TASK TO CARRY OUT – I would like you to output every record below exactly, apart from the pictures.

[Referring expression grounding data]
⟨
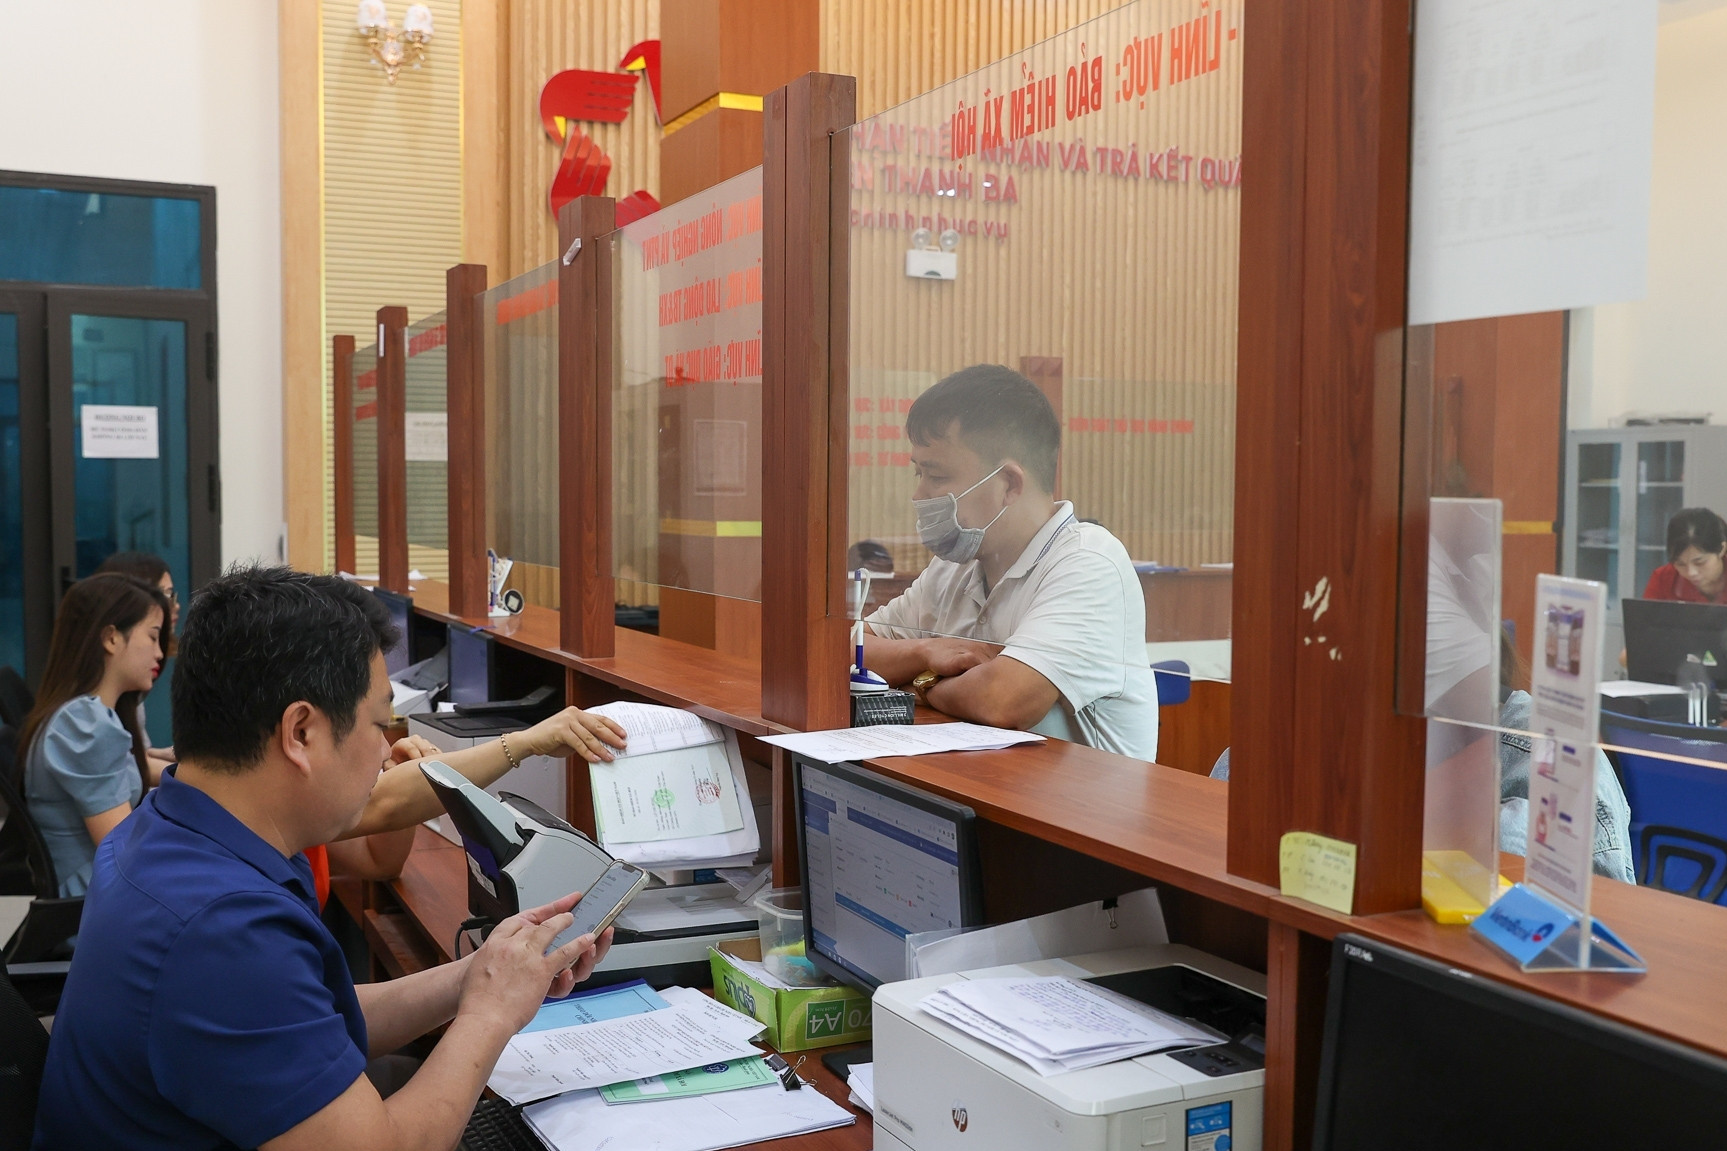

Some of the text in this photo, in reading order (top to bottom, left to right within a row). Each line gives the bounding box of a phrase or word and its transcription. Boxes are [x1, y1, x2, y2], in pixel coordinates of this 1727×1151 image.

[1058, 138, 1089, 173] VÀ
[1094, 142, 1140, 178] TRẢ
[1146, 145, 1193, 182] KẾT
[885, 164, 973, 199] THANH
[809, 1011, 842, 1034] A4
[951, 1107, 968, 1132] hp
⟩
TASK OUTPUT –
Some of the text in this photo, in reading order (top to bottom, left to right within a row). Each line gives the bounding box of a phrase or word and its transcription. Boxes are [x1, y1, x2, y2], in pixel coordinates of this 1727×1151 image.

[1058, 138, 1089, 173] VÀ
[1094, 142, 1140, 178] TRẢ
[1146, 145, 1193, 182] KẾT
[885, 164, 973, 199] THANH
[809, 1011, 842, 1034] A4
[951, 1107, 968, 1132] hp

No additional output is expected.